El-Erian, makalesinde, ekonomilerdeki bu farklılaşmanın geçen hafta ekonomik verilerde ve Jackson Hole'de Avrupa Merkez Bankası Başkanı Mario Draghi ve Fed Başkanı Janet Yellen'ın yaptığı birbirinin zıt yönündeki konuşmalarda yansımasını bulduğunu ifade etti.

Para politikasındaki bu sapmanın ekonomi politikasının diğer alanlarında anlamlı bir ayarlama ile birleştirilmediğine dikkat çeken El-Erian, ABD ve Avrupa'nın, genel politika etkinliğini sağlamak ve mali piyasa fazlalıklarını dengelemek için ihtiyaç duyulan yapısal reformların ivmesini sağlamakta güçlük çektiğini vurguladı.

Tahvil Faiz Farkları Artıyor

El-Erian, "Tüm bu farklılaşmalar, şimdiye kadar, temel olarak, artan faiz farklarında yansımasını buldu. Örnek olarak, ABD'nin 10 yıl vadeli tahvilleri ile Almanya'nın aynı vadeli tahvillerinin piyasa faizleri arasındaki fark geçen hafta 145 baz puana çıktı. Bu fark geçen yılın aynı döneminde 93 baz puan ve 2014 yılının başında 108 baz puan seviyelerindeydi. Bu oldukça büyük bir fark. Bu farkın daha da büyümesine muhtemelen, doların euro karşısında ve daha az ölçüde yen karşısında devam eden değer kazanmasını içeren, güçlü döviz hareketleri eşlik edecek" dedi.

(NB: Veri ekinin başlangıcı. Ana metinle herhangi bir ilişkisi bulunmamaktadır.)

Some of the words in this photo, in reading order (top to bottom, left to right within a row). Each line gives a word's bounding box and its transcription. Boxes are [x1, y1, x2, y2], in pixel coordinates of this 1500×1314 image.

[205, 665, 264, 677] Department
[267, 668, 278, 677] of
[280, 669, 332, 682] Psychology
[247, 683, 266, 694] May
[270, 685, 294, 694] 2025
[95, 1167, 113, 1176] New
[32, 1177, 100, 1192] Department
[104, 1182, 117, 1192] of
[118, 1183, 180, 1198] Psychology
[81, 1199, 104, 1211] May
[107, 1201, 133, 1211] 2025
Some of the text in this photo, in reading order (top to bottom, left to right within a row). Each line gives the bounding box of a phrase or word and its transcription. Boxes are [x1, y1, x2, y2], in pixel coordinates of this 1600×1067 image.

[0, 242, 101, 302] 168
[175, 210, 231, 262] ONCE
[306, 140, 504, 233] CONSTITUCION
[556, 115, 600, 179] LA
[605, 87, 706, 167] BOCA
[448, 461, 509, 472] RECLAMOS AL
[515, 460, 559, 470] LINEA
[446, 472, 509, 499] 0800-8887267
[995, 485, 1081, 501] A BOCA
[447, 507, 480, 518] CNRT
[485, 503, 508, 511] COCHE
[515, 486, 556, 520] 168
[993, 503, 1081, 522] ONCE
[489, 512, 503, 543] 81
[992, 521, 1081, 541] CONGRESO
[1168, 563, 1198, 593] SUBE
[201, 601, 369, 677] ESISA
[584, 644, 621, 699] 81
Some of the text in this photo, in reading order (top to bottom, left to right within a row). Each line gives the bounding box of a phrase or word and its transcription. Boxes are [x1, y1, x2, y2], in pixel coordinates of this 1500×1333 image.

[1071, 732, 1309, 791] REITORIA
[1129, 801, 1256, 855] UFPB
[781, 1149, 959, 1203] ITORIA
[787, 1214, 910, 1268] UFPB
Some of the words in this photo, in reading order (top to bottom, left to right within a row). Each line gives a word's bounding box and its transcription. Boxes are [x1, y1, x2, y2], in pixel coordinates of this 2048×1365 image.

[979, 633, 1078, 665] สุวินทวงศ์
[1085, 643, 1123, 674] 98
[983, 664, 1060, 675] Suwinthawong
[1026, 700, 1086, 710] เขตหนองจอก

Döviz piyasalarındaki volatilitenin merkez bankalarınca bastırıldığına dikkat çeken El-Erian, ancak bu aşırı düşük volatilitenin, artan ekonomik ve para politikası farklılaşmasının ışığında devam ettirilmesinin daha zor hale geldiğini ve zayıflayan para birimlerinin, Euro Bölgesi ve dahası, Japonya'da, dolaylı olarak ve artan bir şekilde doğrudan para politikalarını etkilediğini sözlerine ekledi.

Düşük Volatilite Zor

El-Erian, Financial Times'taki makalesinde, gelişmiş ülkelerin artan bir şekilde ekonomik ve para politikası farklılaşması yolunda ilerlemesi ve zayıf ekonomilerin daha da geriye düşmemesi için süregelen döviz yeniden hizalamalarının daha açık bir şekilde politika hedefleri haline gelmesi ile birlikte, merkez bankalarının döviz volatilitesini bastırmakta daha fazla zorlanacaklarını ve bunun da yatırımcıların finans piyasalarında başka biryerdeki kazançlarını sürdürebilmeleri önünde büyük bir risk oluşturacağını belirtti.